内容目录

概述

在这篇文章中，我们来了解下如何使用milvus集成OpenAI来实现高质量语义搜索。
主要方面：

通过OpenAI生成文本Embedding
使用milvus进行向量搜索

1. 通过OpenAI生成文本Embedding

首先，如果我们需要使用OpenAI API那么就需要获取OpenAI API密钥，然后使用python编码利用OpenAI Embedding API实现Embedding生成，示例代码如下：

# 在执行生成Embbedding之前需要正确设置OpenAI的密钥
def embed(text):
    return openai.Embedding.create(
        input=text, 
        engine=OPENAI_ENGINE)["data"][0]["embedding"]

2. 使用milvus进行向量搜索

接下来，我们将OpenAI生成的Embedding写入到milvus向量数据库以支持检索。这个示例是milvus官网提供的，是milvus结合OpenAI实现书名搜索，具体步骤如下：

连接milvus向量数据库
创建milvus collection
创建milvus索引
从csv文件中读取数据并调用OpenAI生成Embedding
Embedding写入milvus
将用户搜索文本调用OpenAI生成Embedding
根据用户Embedding搜索milvus

2.1 安装milvus python依赖

pip install openai
pip install pymilvus

2.2 实现milvus语义搜索

首先引入依赖模块：

import csv
import json
import random
import openai
import time
from pymilvus import connections, FieldSchema, CollectionSchema, DataType, Collection, utility

# Extract the book titles
def csv_load(file):
    with open(file, newline='') as f:
        reader=csv.reader(f, delimiter=',')
        for row in reader:
            yield row[1]

FILE = './content/books.csv'  # Download it from https://www.kaggle.com/datasets/jealousleopard/goodreadsbooks and save it in the folder that holds your script.
COLLECTION_NAME = 'title_db'  # Collection name
DIMENSION = 1536  # Embeddings size
COUNT = 100  # How many titles to embed and insert.
MILVUS_HOST = 'localhost'  # Milvus server URI
MILVUS_PORT = '19530'
OPENAI_ENGINE = 'text-embedding-ada-002'  # Which engine to use
openai.api_key = 'sk-******'  # Use your own Open AI API Key here

# Connect to Milvus
connections.connect(host=MILVUS_HOST, port=MILVUS_PORT)

# Remove collection if it already exists
if utility.has_collection(COLLECTION_NAME):
    utility.drop_collection(COLLECTION_NAME)

# Create collection which includes the id, title, and embedding.
fields = [
    FieldSchema(name='id', dtype=DataType.INT64, descrition='Ids', is_primary=True, auto_id=False),
    FieldSchema(name='title', dtype=DataType.VARCHAR, description='Title texts', max_length=200),
    FieldSchema(name='embedding', dtype=DataType.FLOAT_VECTOR, description='Embedding vectors', dim=DIMENSION)
]
schema = CollectionSchema(fields=fields, description='Title collection')
collection = Collection(name=COLLECTION_NAME, schema=schema)

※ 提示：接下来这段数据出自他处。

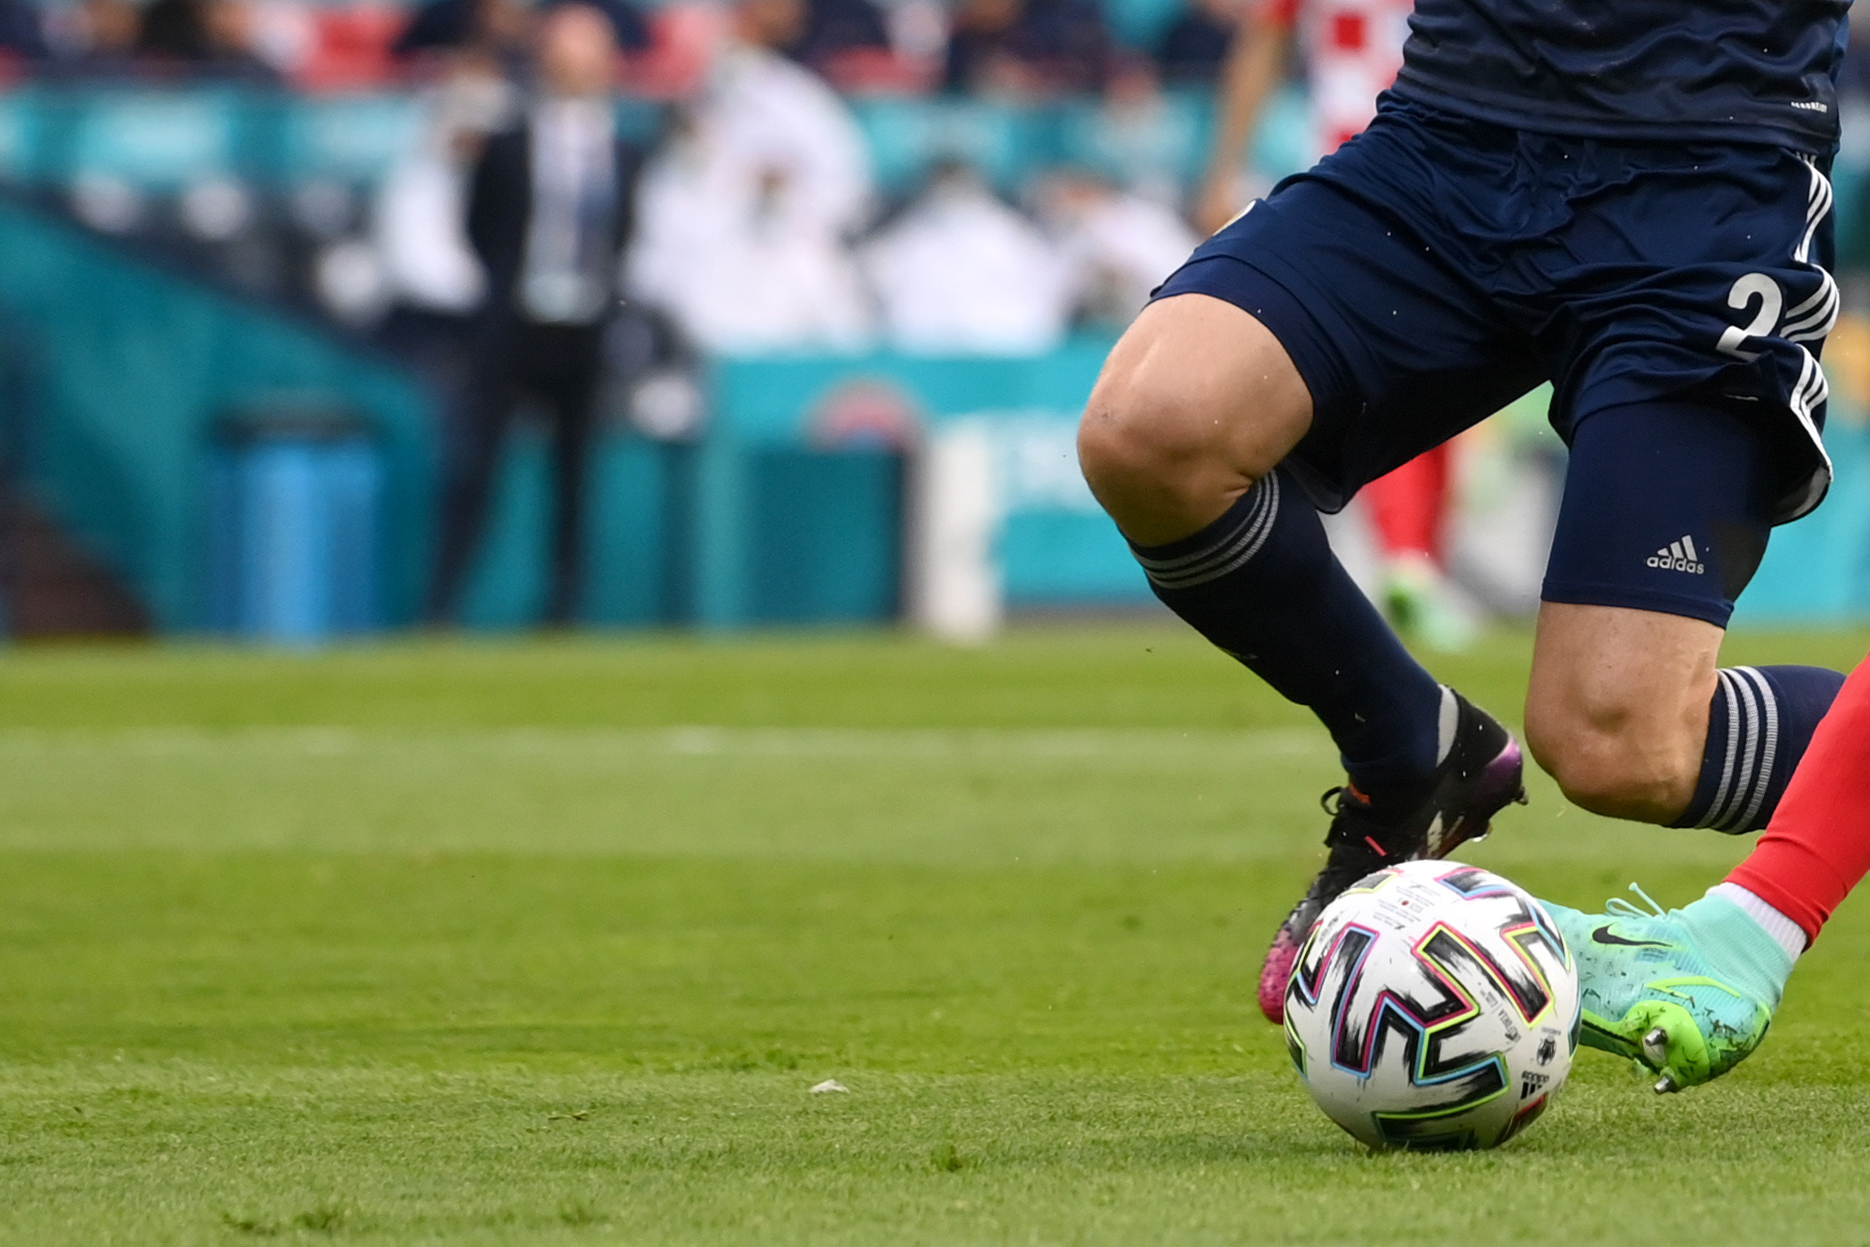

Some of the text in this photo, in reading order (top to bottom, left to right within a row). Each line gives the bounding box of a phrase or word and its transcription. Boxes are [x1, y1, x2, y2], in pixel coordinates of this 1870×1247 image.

[1716, 272, 1783, 360] 2
[1646, 555, 1705, 575] adidas
[1521, 1070, 1550, 1083] adidas

# Create an index for the collection.
# Create an index for the collection.
index_params = {
    'index_type': 'IVF_FLAT',
    'metric_type': 'L2',
    'params': {'nlist': 1024}
}
collection.create_index(field_name="embedding", index_params=index_params)

# Extract embedding from text using OpenAI
def embed(text):
    return openai.Embedding.create(
        input=text, 
        engine=OPENAI_ENGINE)["data"][0]["embedding"]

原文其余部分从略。